Man erlebt es ja überall, nicht wahr. Der Unpraktiker in dem Sinne von vielen Leuten - ich bezeichnete es Ihnen heute im Beginn des Vortrages -, der mußte sagen im Frühling 1914: Unser soziales Leben leidet an einem Krebsgeschwür, das in der nächsten Zeit in furchtbarer Weise zum Ausbruch kommen muß. - Ein paar Monate darauf folgte die Weltkriegskatastrophe, auf die ich damals hinweisen wollte. Natürlich hätten mich alle «Praktiker» ausgelacht. Aber diese «Praktiker», sie haben auch anders gesprochen. Staatsmänner könnte ich Ihnen anführen, die gesagt haben noch in diesem Frühling 1914, zum Beispiel Staatsmänner der mitteleuropäischen Staaten: Wir leben in den freundnachbarlichsten Beziehungen zu Petersburg; und diese freundnachbarlichen Beziehungen werden dem Weltfrieden in der nächsten Zeit eine sichere Grundlage bieten. - Ein Ähnliches hat der betreffende Herr gesprochen über die Beziehungen der Mittelmächte zu England. Dann hat er das zusammengefaßt in die Worte: Die allgemeine politische Entspannung macht gute Fortschritte. - Nun, die politische Entspannung hat so erfreuliche Fortschritte gemacht, daß wenige Wochen darauf jene Ereignisse gefolgt sind, wodurch zehn bis zwölf Millionen Menschen totgeschlagen und dreimal soviel zu Krüppeln geschlagen worden sind. In der letzten Art hat der «Praktiker» geredet, in der ersten Art derjenige, der von den «Praktikern» für einen Idealisten gehalten wurde.

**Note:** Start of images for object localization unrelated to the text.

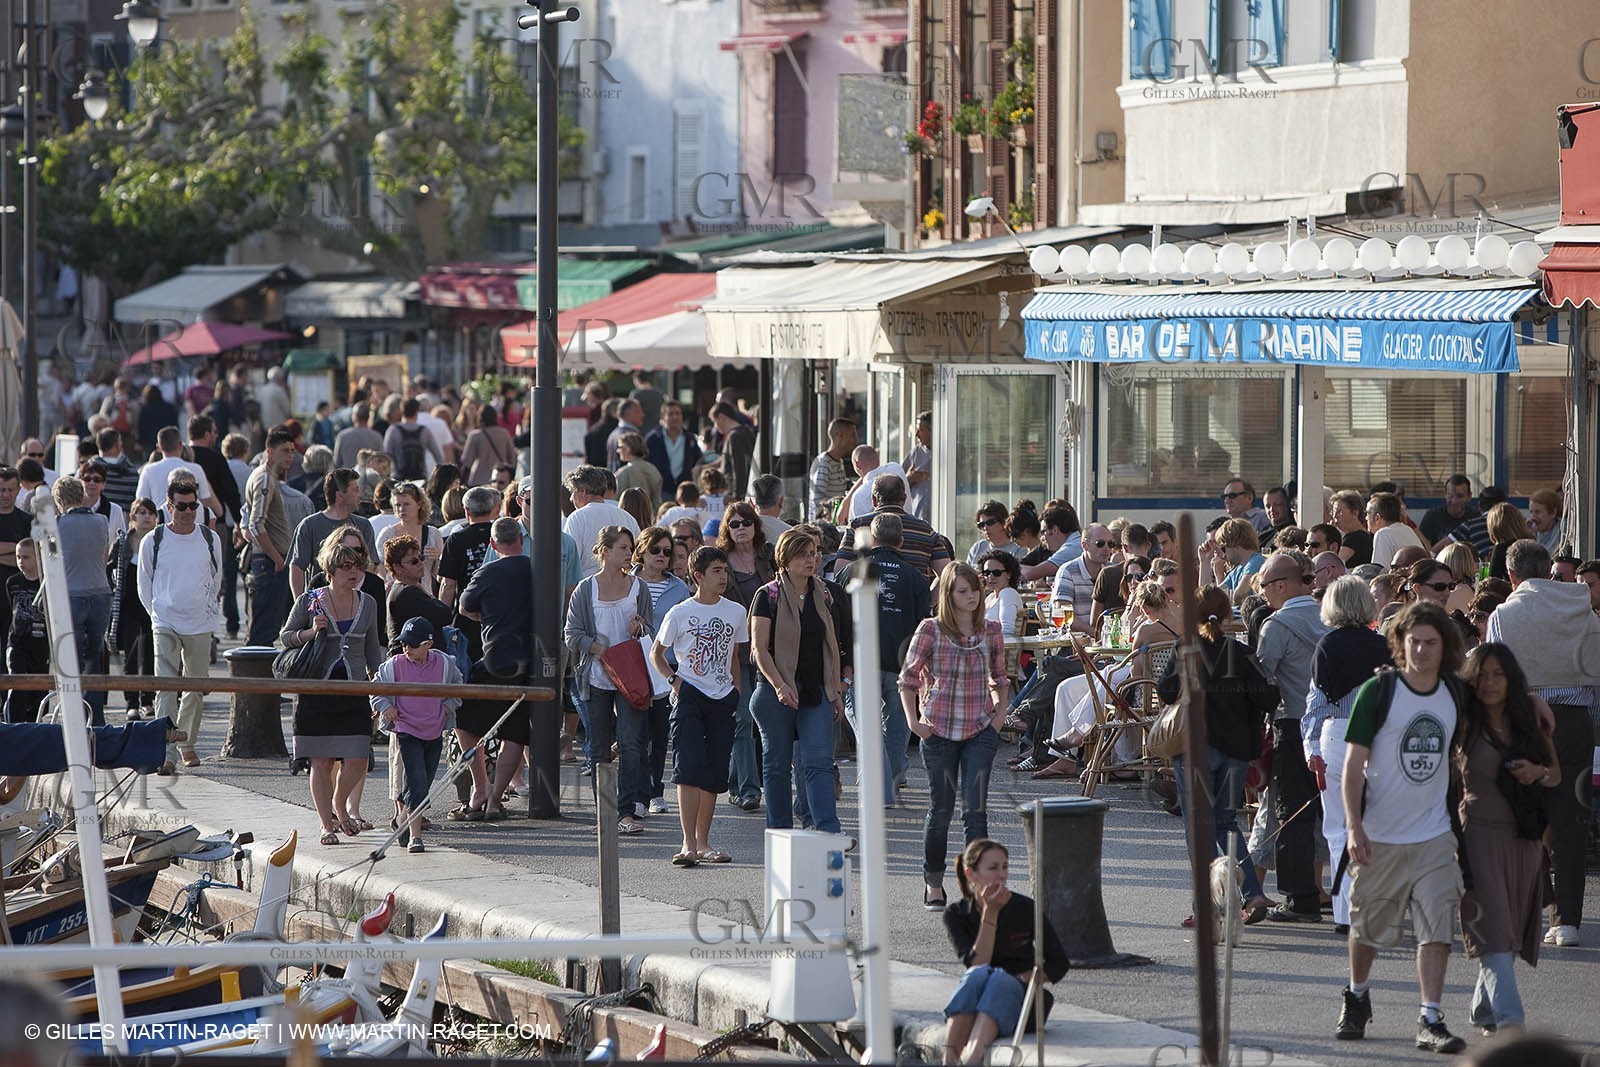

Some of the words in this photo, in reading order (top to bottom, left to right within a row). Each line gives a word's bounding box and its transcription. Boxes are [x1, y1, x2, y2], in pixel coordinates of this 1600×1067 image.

[1105, 325, 1145, 358] BAR
[1158, 323, 1191, 357] DE
[1208, 323, 1240, 358] LA
[1260, 323, 1363, 362] MARINE
[1429, 333, 1484, 363] COCKTAILS
[24, 924, 48, 946] MT

Das ist es, was uns bitter not tut, daß wir gerade in der Praxis umlernen müssen, daß wir erkennen lernen müssen, daß für wahre Praxis erst dann ein Boden geschaffen werden kann, wenn ein wirkliches Umlernen mit Bezug auf das Leben des Geistes da ist. Daher müßte man eigentlich auf die Frage: Wie können solche Ausführungen in die Praxis hinausgetragen werden? - antworten: Man trage sie nur erst in die Seelen der Menschen hinein, dann, dann wird man bald sehen, wie sie aus der Praxis heraus den Menschen entgegenstrahlen werden.